Look through the data below for the line with "this 1280×960 image.", and transcribe it exactly together with each line after it up to and including the line with "Some of the words". Give nothing else.

○ ○ ○

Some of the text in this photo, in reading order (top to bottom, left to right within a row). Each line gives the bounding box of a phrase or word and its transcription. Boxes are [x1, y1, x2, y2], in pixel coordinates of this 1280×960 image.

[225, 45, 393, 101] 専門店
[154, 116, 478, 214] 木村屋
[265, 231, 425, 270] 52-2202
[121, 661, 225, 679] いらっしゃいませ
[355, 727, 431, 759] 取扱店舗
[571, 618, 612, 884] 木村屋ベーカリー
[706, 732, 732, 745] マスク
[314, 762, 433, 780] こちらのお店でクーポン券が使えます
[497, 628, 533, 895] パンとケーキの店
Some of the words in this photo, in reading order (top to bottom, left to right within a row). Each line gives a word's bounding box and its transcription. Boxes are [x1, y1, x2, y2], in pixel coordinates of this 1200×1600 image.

○ ○ ○

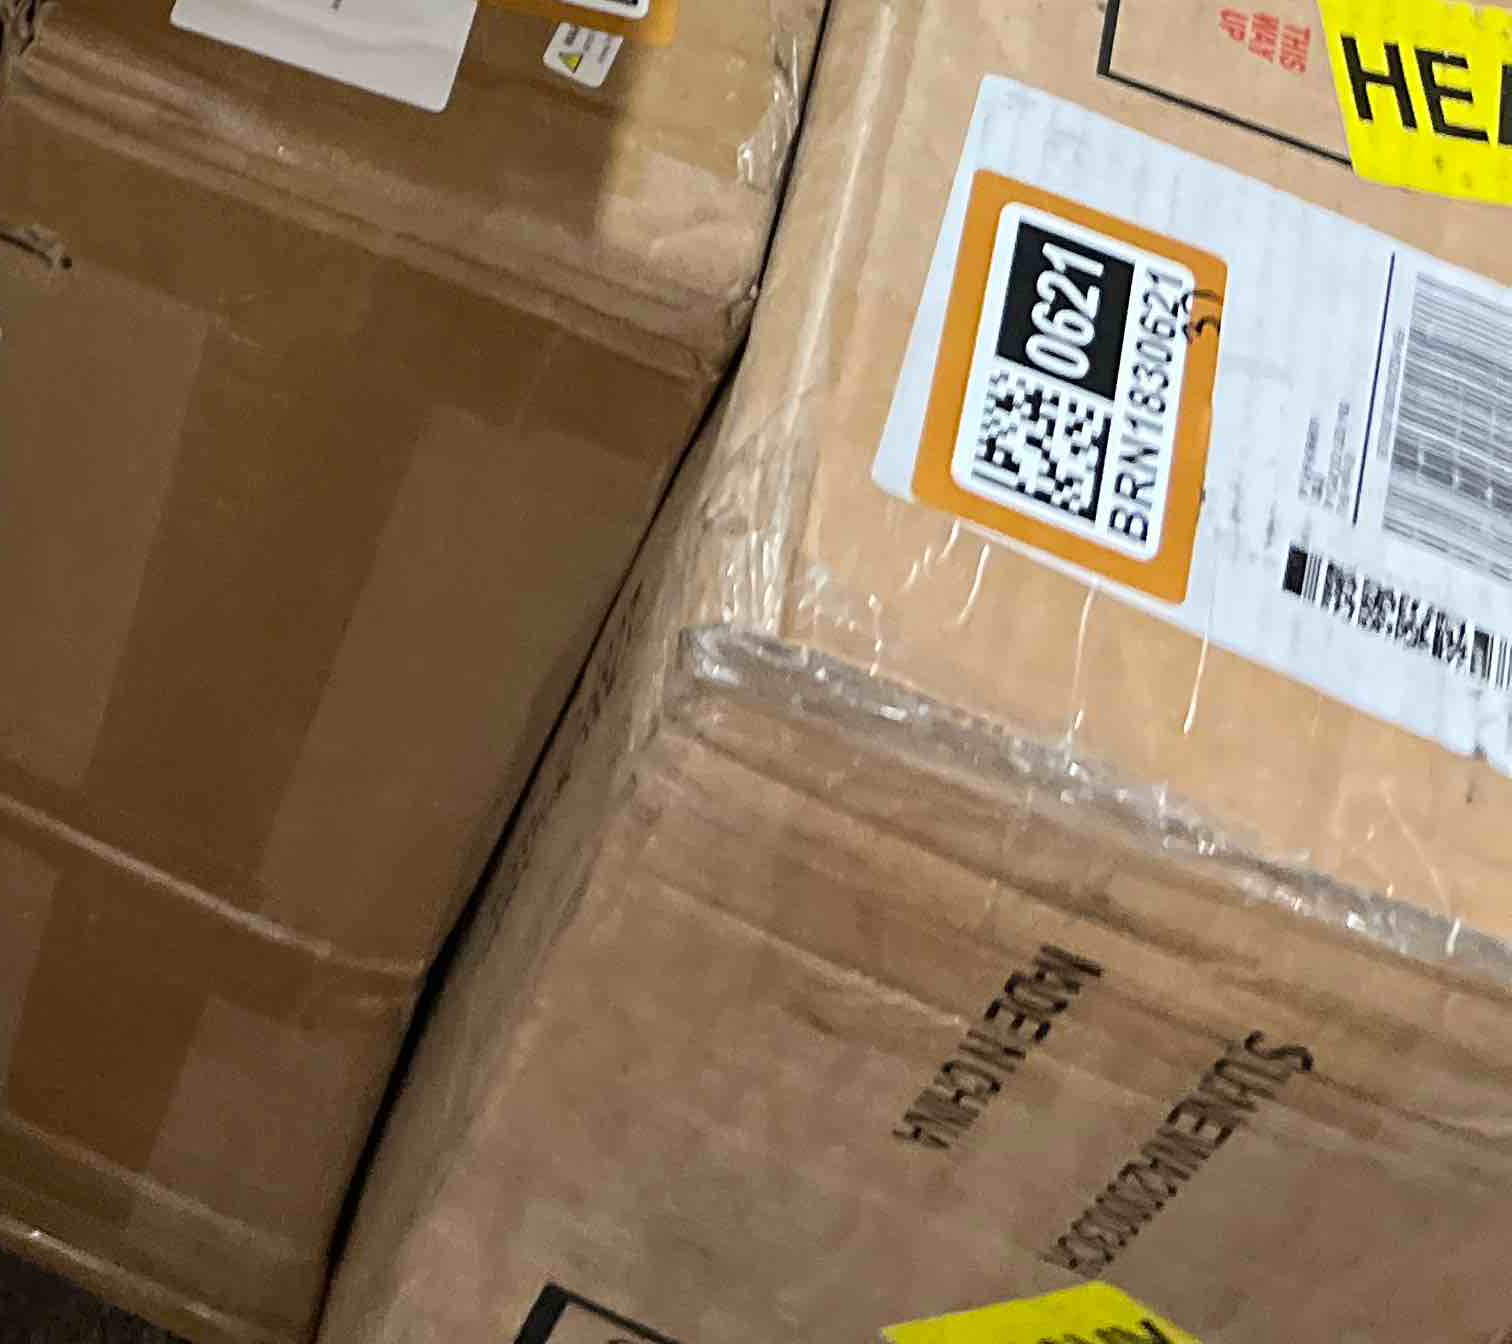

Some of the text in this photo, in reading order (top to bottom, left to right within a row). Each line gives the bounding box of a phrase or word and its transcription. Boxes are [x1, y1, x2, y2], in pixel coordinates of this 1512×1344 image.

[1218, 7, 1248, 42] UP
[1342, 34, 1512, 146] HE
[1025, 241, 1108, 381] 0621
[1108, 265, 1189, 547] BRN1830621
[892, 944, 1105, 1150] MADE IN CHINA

○ ○ ○

Answer box:
Some of the text in this photo, in reading order (top to bottom, left to right within a row). Each line gives the bounding box of a phrase or word and its transcription. Boxes are [x1, y1, x2, y2], in pixel coordinates of this 1280×960 image.

[225, 45, 393, 101] 専門店
[154, 116, 478, 214] 木村屋
[265, 231, 425, 270] 52-2202
[121, 661, 225, 679] いらっしゃいませ
[355, 727, 431, 759] 取扱店舗
[571, 618, 612, 884] 木村屋ベーカリー
[706, 732, 732, 745] マスク
[314, 762, 433, 780] こちらのお店でクーポン券が使えます
[497, 628, 533, 895] パンとケーキの店
Some of the words in this photo, in reading order (top to bottom, left to right within a row). Each line gives a word's bounding box and its transcription. Boxes are [x1, y1, x2, y2], in pixel coordinates of this 1200×1600 image.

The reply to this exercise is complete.